* _TRY IT_: Every record below is to be retyped exactly, with the pictures left out.

Free-text object descriptions:
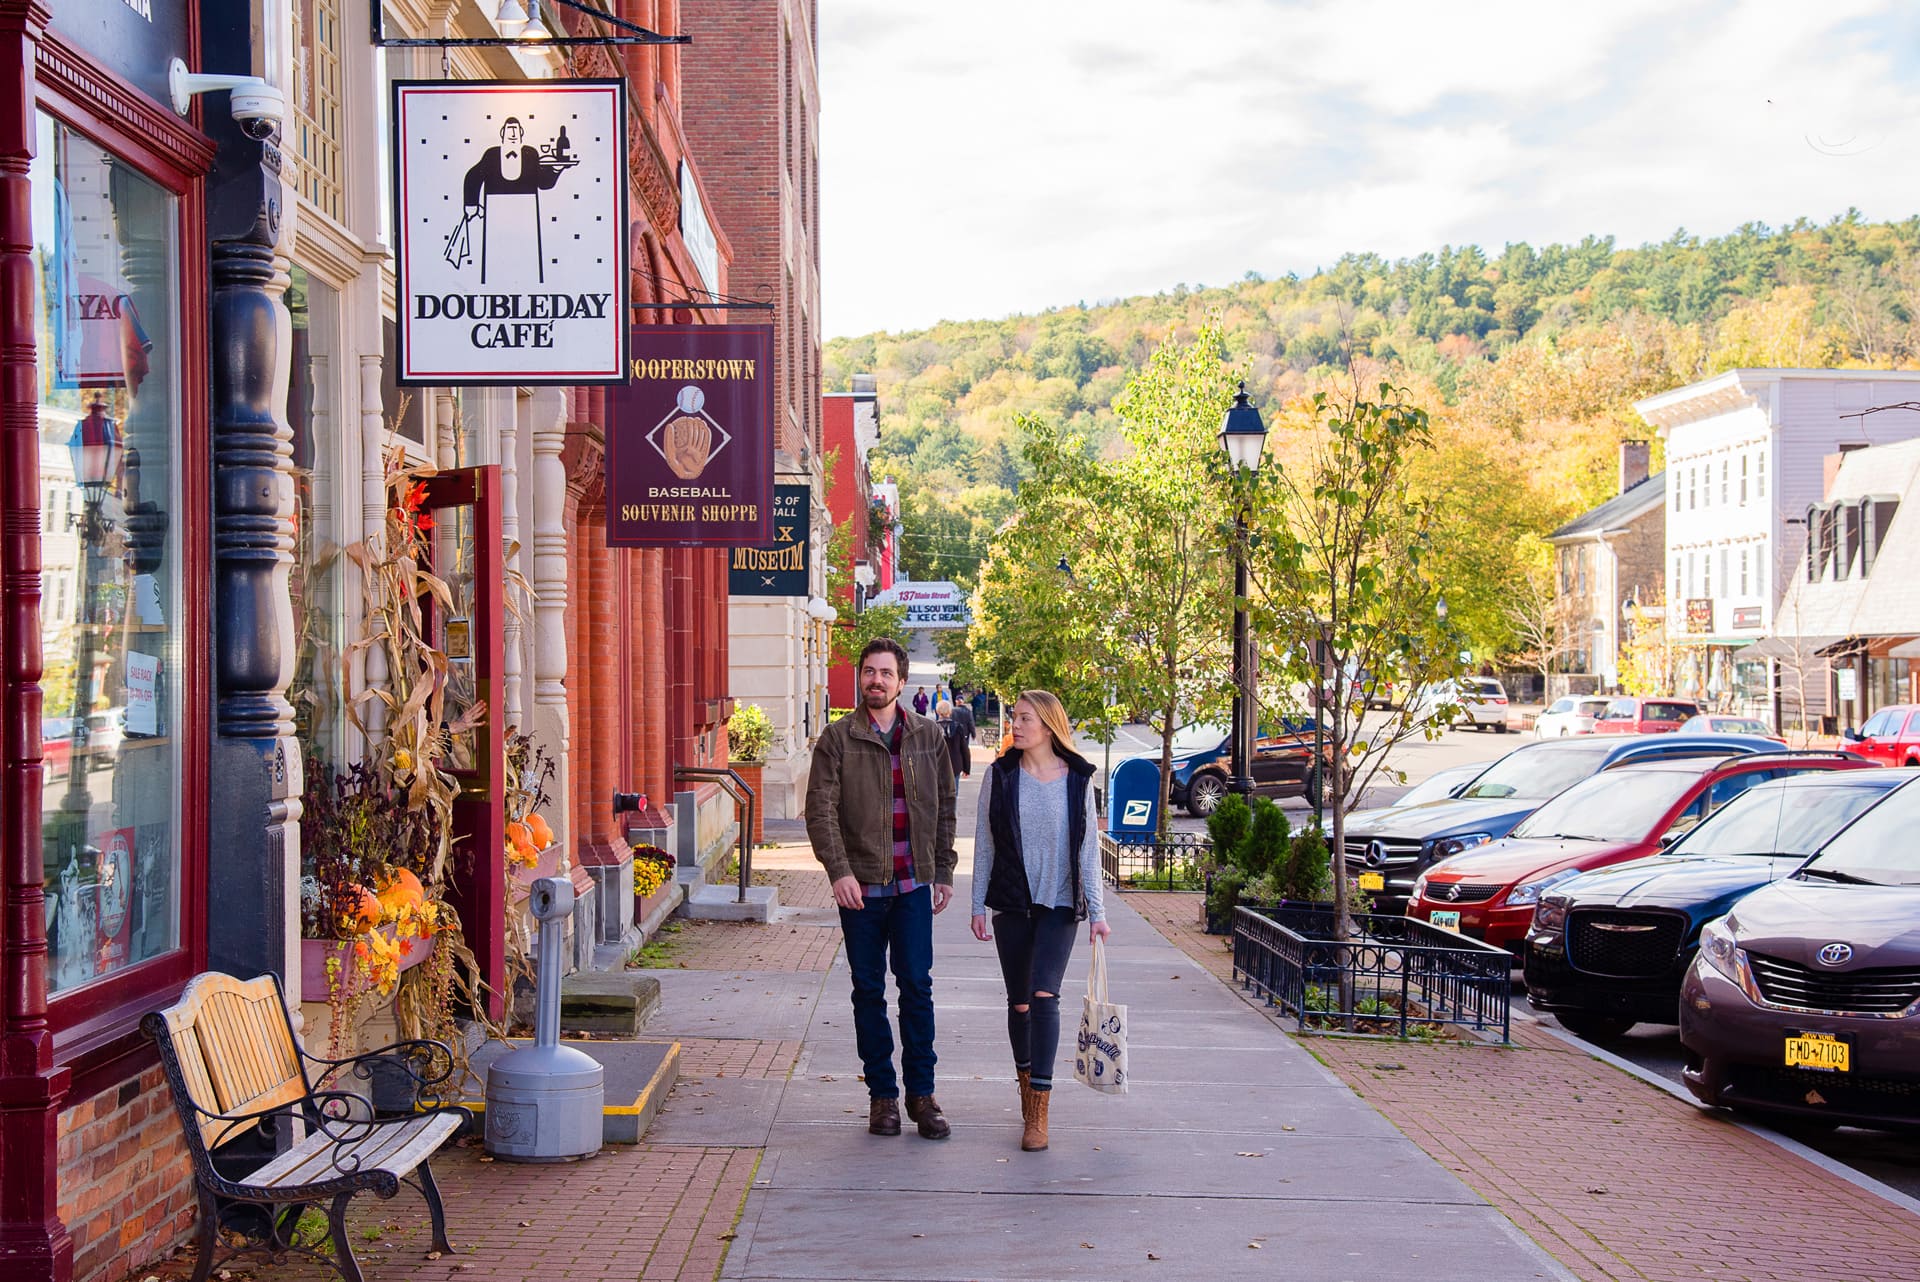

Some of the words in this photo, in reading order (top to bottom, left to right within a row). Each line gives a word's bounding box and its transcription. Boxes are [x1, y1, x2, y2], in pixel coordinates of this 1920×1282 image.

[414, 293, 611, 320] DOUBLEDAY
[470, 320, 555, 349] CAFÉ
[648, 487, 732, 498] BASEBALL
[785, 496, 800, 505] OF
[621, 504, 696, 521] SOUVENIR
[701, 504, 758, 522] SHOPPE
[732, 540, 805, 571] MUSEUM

* _SOLUTION_:
Some of the words in this photo, in reading order (top to bottom, left to right within a row). Each line gives a word's bounding box and its transcription. Boxes are [x1, y1, x2, y2], in pixel coordinates of this 1920×1282 image.

[414, 293, 611, 320] DOUBLEDAY
[470, 320, 555, 349] CAFÉ
[648, 487, 732, 498] BASEBALL
[785, 496, 800, 505] OF
[621, 504, 696, 521] SOUVENIR
[701, 504, 758, 522] SHOPPE
[732, 540, 805, 571] MUSEUM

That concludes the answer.